David currently serves on the ICC Sustainable Building Technology Committee drafting the International Green Construction Code intended to be part of the 2012 I-Codes. Recent presentations include keynotes at the Green Building Focus Conference in Birmingham, Alabama, in Belgium at the 2009 European Straw Bale Conference, and a talk sponsored by the Hastings, England Borough Council and the Hastings Trust, as well as to universities, public officials, and engineering and design organizations on a trip partially supported by the U.S. State Department to Amman Jordan, Riyadh, Dammam and Jeddah Saudi Arabia, and Tel Aviv Israel. As well, within the past year, David spoke to the New Zealand Institute of Architects in Auckland, the Warkworth, NZ Transition Towns Group, at City Council Chambers in Christchurch, NZ, and in Australia at the University of Ballarat, and at Sustainable Building 08 (SB08) in Melbourne.

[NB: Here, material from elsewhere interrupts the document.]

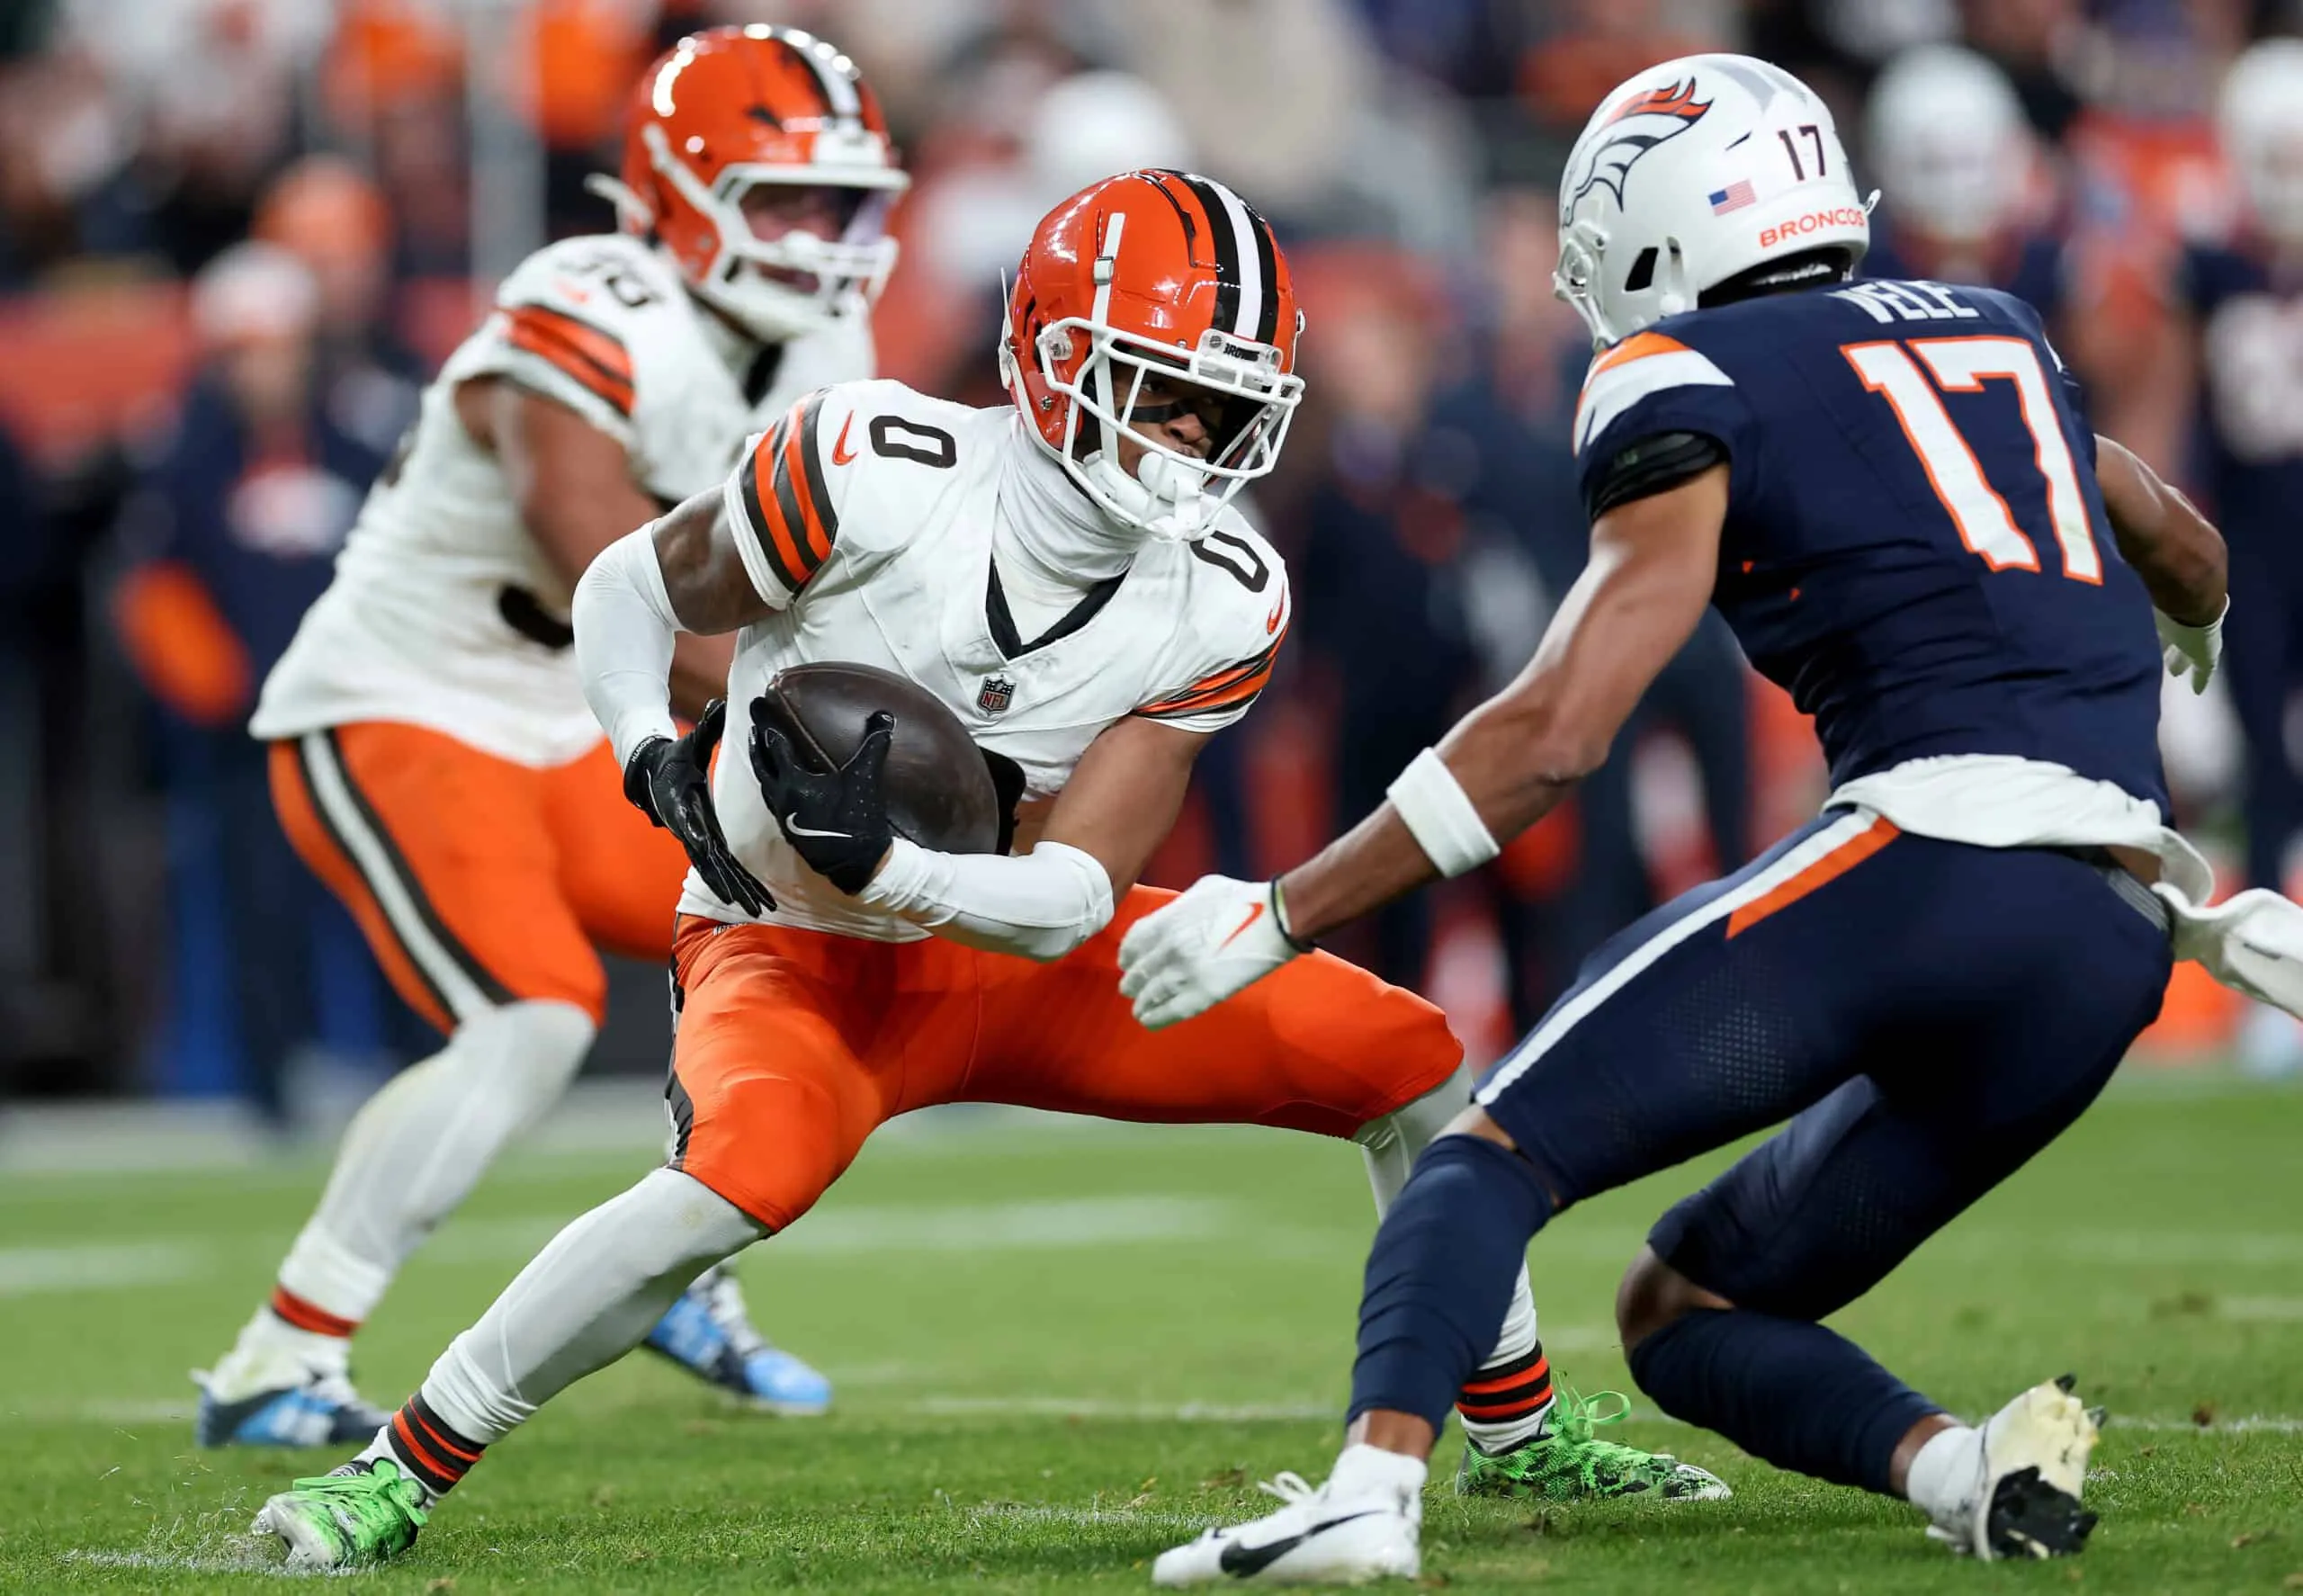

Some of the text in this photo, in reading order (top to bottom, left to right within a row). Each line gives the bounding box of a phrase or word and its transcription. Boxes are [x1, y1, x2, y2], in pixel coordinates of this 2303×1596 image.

Tang Lee, Calgary, Alberta
Tang Lee began designing solar heating systems in 1975, and in 1979 he formed the Calgary chapter of the Solar Energy Society of Canada. He teaches building science, indoor air quality, sustainable design, mechanical and civil engineering at several universities in Canada and abroad. He is on several committees of Health Canada, National Research Council of Canada and Canadian Standards Association. He upgrades the training manual and provides examination questions for safety codes officers (building inspectors). He is qualified as an expert witness in civil and criminal cases in the areas of architecture, building science, building codes, construction, indoor air quality and general health. Tang Lee is also an architect designing healthy and sustainable (solar heated) buildings and planning sustainable communities throughout Canada.

Stuart Cowan, Portland, Oregon
Stuart Cowan is a leading expert in the integration of the science of complex systems, ecological design, and finance. He has helped to secure over $325 million in financing for green buildings, renewable energy, and ecosystem restoration. He is the co-founder of Autopoiesis LLC (www.apoiesis.com), which has worked to build new financial models and metrics for sustainable businesses, communities, and regions.
Stuart was previously Transaction Manager at Portland Family of Funds, a sustainable investment bank, where he oversaw comprehensive triple-bottom-line metrics and worked on numerous LEED development projects, including the Portland Armory, the first Platinum LEED historic renovation in the world. Prior to that, he was Research Director at Ecotrust, where he led the creation of the Conservation Economy framework for bioregional sustainability (www.conservationeconomy.net), which has been used internationally.
Stuart is the co-author with noted green building pioneer Sim Van der Ryn of Ecological Design (Island Press, 1996/2007), which is widely recognized as a founding text in the field of sustainable architecture and planning and has been translated into 3 languages. He holds a Ph.D. in Applied Mathematics (Complex Systems focus) from the University of California at Berkeley and has taught at several universities. He lives in Portland, Oregon with his wife and daughter and grew up on Vancouver Island.